Synchronization in non dissipative optical lattices
Daniel Hennequin,Philippe Verkerk
Physics , 2009, DOI: 10.1140/epjd/e2009-00324-1
Abstract: The dynamics of cold atoms in conservative optical lattices obviously depends on the geometry of the lattice. But very similar lattices may lead to deeply different dynamics. For example, in a 2D optical lattice with a square mesh, the sign of the detuning plays a crucial role: in the blue detuned case, trajectories of an atom inside a well are chaotic for high enough energies. On the contrary, in the red detuned case, chaos is completely inhibited inside the wells.

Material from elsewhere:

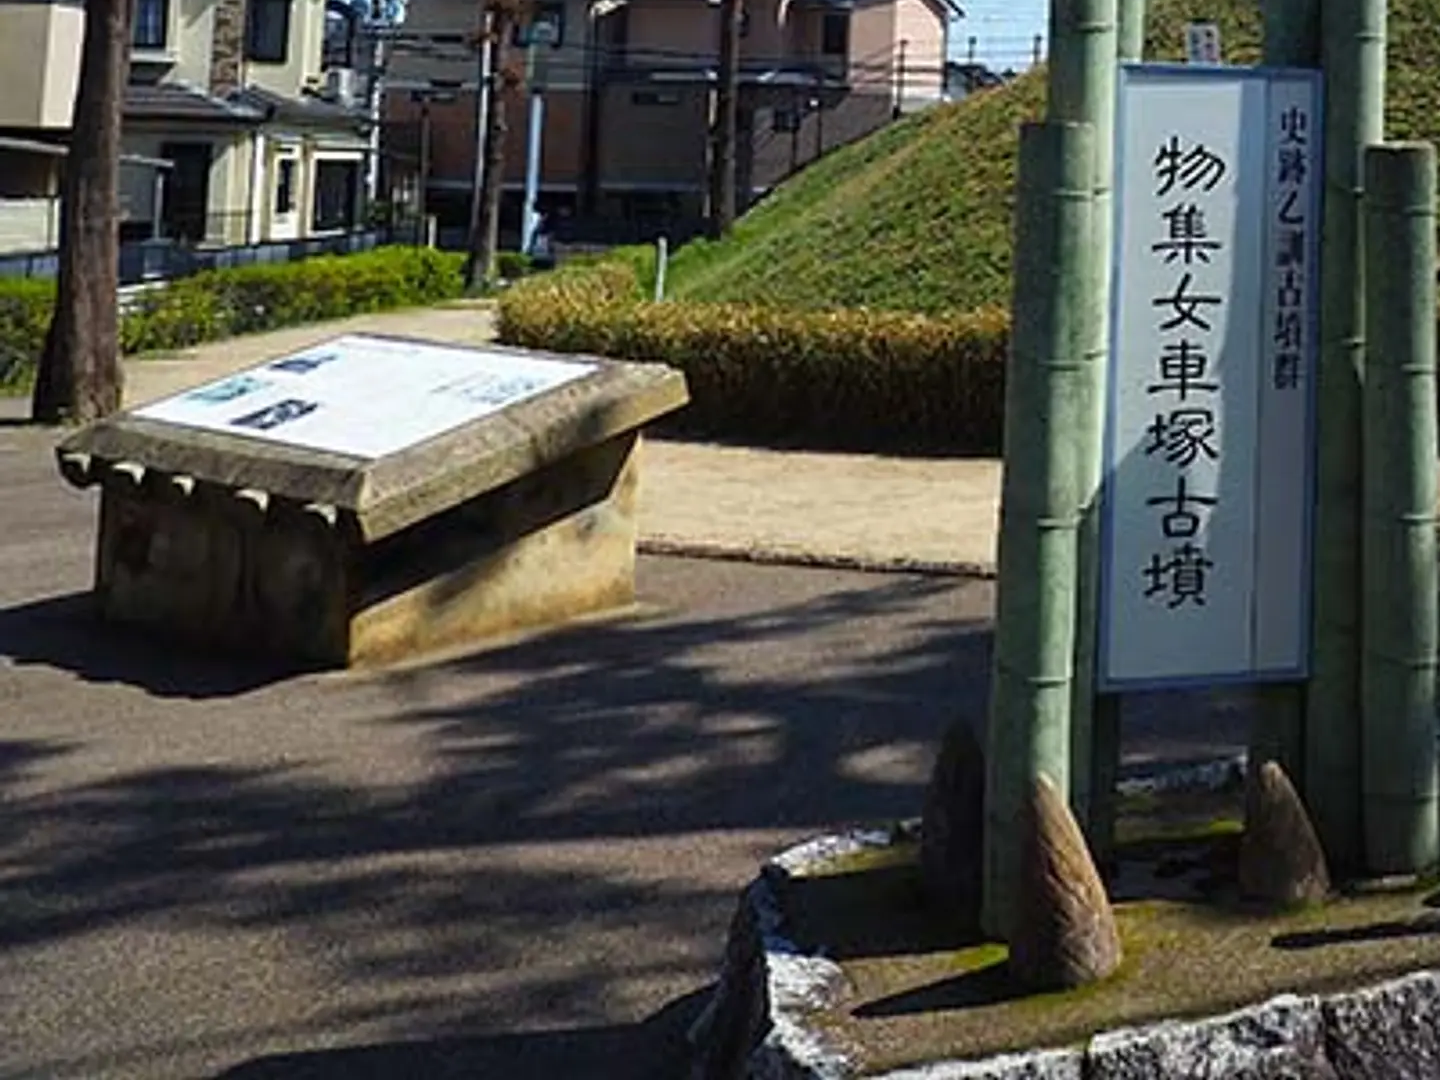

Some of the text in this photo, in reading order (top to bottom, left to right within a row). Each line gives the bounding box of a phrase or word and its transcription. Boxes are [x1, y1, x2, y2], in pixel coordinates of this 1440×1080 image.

Here, we study in details the dynamical regimes of atoms inside a well of a red detuned lattice, with the aim to understand the dynamical mechanisms leading to the disappearance of chaos. We show that the motions in the two directions of space are frequency locked in most of the phase space, for most of the parameters of the lattice and atoms. This synchronization, not as strict as that of a dissipative system, is nevertheless a mechanism powerful enough to explain that chaos cannot appear in red detuned lattices.